Le Président Laurent Gbagbo a, durant la crise politico-militaire, honoré «les Haut-les-cœurs» (des primes de guerre de motivation) aux Forces de défense et de sécurité (FDS, ex-forces nationales comprenant les Armées, la Gendarmerie, la Police, la Douane et les Eaux et Forêts). Son effort de guerre, après l’achat d’équipements militaires (chars, avions de combat, munitions…) pour faire face à l’agression, s’est arrêté là.

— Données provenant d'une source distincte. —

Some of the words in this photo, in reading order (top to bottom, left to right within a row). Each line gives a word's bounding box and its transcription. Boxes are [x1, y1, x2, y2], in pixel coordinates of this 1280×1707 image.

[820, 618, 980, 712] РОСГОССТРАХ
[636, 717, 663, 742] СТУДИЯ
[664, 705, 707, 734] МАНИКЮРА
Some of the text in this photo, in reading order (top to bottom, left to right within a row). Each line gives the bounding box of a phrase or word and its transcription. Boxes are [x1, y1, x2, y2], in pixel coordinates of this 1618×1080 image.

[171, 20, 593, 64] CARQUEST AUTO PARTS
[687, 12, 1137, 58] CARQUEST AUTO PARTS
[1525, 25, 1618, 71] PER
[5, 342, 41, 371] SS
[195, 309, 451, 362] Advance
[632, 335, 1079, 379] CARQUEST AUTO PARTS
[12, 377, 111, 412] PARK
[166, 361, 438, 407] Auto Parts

Il a donc catégoriquement refusé de subir les humeurs des soldats en leur payant des frais de dédommagement quand des accords de paix (en trompe-l’œil) ont été signés entre l’Etat et la rébellion armée.

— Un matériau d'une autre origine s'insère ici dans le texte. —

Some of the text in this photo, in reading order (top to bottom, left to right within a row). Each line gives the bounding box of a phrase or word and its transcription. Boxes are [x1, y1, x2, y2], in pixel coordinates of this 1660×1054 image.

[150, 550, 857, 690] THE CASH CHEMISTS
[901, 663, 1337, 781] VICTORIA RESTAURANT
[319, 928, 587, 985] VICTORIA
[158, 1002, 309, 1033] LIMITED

«Les militaires sont venus me voir, a-t-il expliqué. Ils disent que comme la guerre est finie, ils veulent 6 millions de francs. J’ai réuni les militaires à la Présidence ici et je leur ai dit que j’ai fait l’histoire, donc j’ai étudié toutes les guerres. Je n’ai jamais vu une guerre qui se termine par une distribution de millions du Trésor public aux militaires. Je ne vous donnerai donc rien. Si c’est coup d’État que vous voulez faire, on a déjà vu coup d’État en Côte d’Ivoire ici. Allez faire votre coup d’Etat».
Laurent Gbagbo a défendu cette position alors que la rébellion armée dont le siège était Bouaké, deuxième ville du pays, contrôlait plus de la moitié du territoire et que deux Armées avec deux états-majors ont cohabité jusqu’à sa chute le 11 avril 2011: côté gouvernemental, les FDS et côté rebelle, les Forces armées des Forces nouvelles (FAFN). Mais ce niet aux revendications des FDS n’a entraîné aucune grogne, ni aucune mutinerie ni aucun soulèvement. Les Armées, Grande muette, sont restées dans les casernes.

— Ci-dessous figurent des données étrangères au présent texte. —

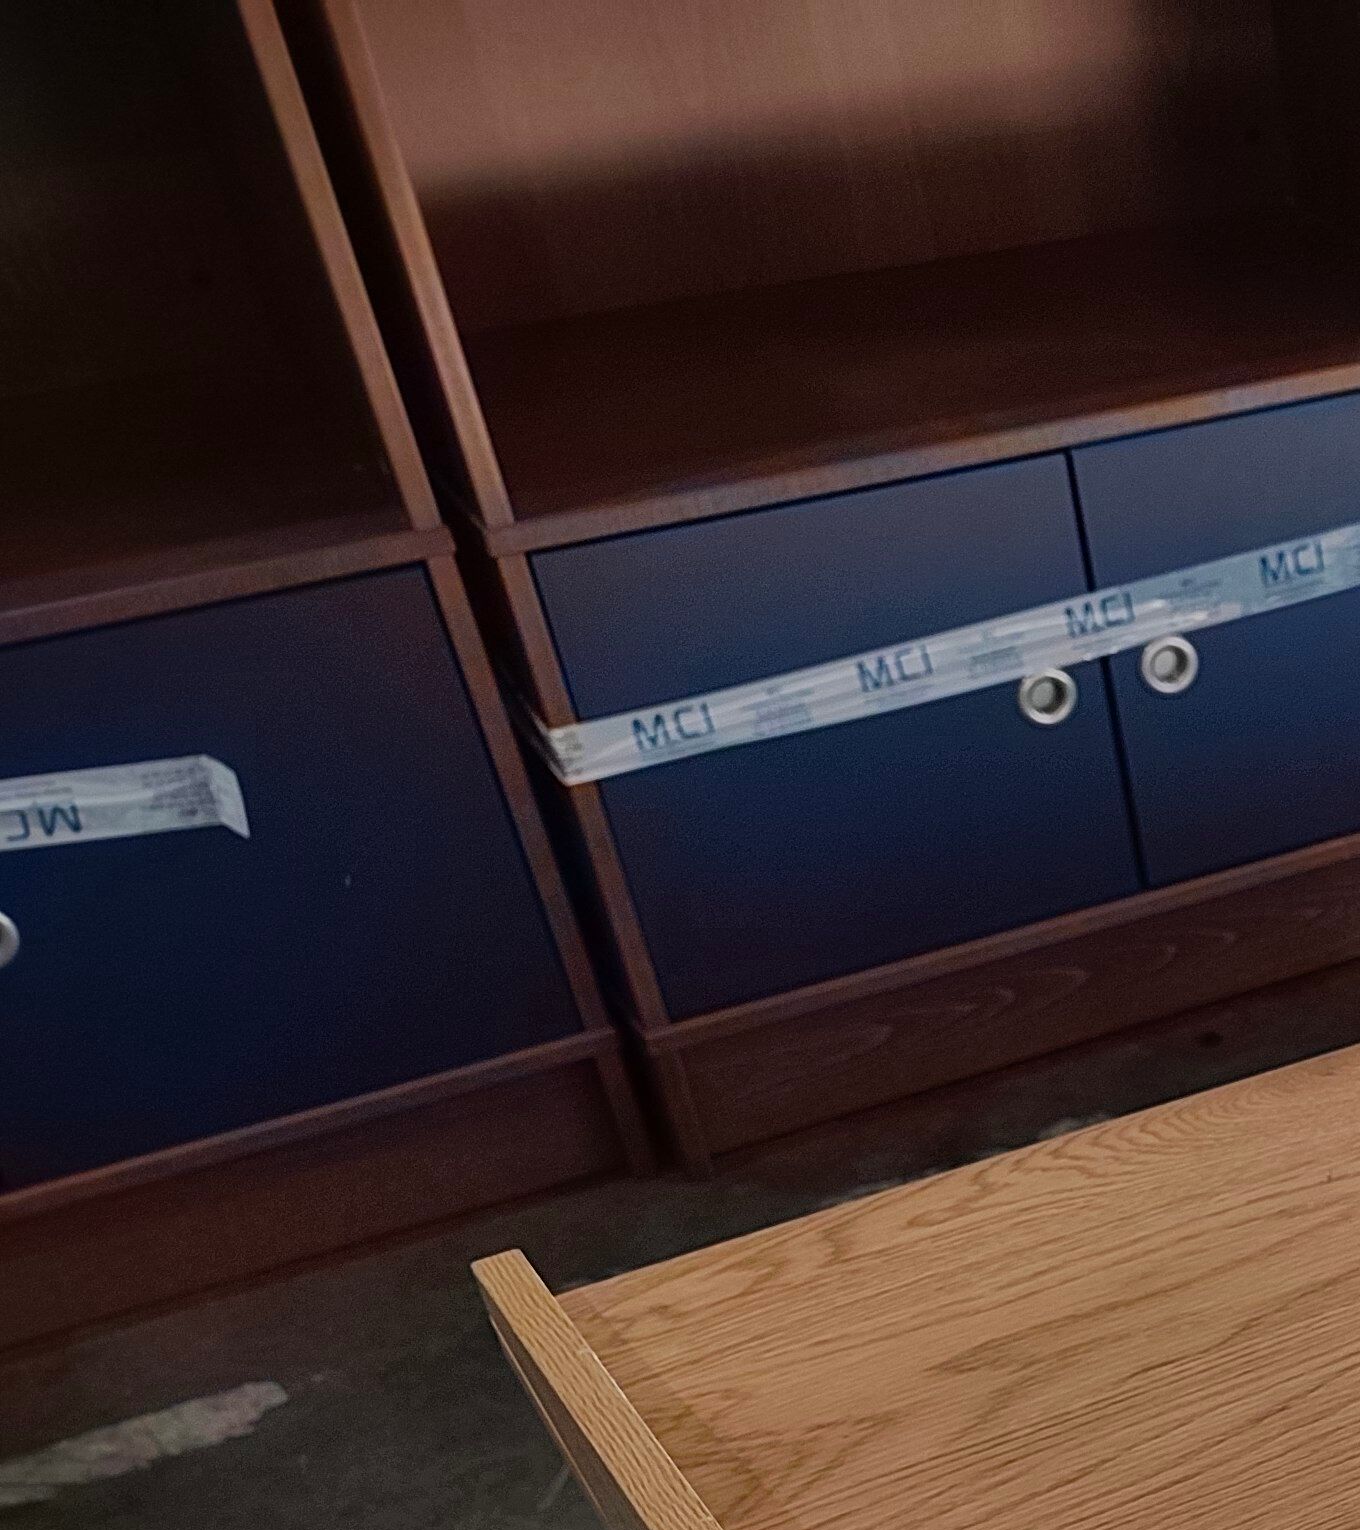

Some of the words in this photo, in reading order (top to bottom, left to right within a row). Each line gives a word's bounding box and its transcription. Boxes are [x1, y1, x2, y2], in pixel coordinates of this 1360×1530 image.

[632, 702, 716, 750] MCI
[858, 644, 933, 692] MCI
[1065, 592, 1135, 637] MCI
[1259, 543, 1324, 584] MCI
[0, 803, 83, 842] MC

Il ne faut cependant se faire aucune illusion. Les FDS étaient largement divisées sur le schéma des profonds clivages politiques existants. Il y a eu donc des soldats félons, conduits par les commandants de zone ou com’zones de la rébellion armée, qui ont été le fer de lance de la sédition menée officiellement par Soro Kigbafori Guillaume; il y a eu des soldats qui ont joué un double jeu. Sans être marginaux, toutes ces forces réunies pour donner le coup de boutoir à Gbagbo n’étaient pas majoritaires.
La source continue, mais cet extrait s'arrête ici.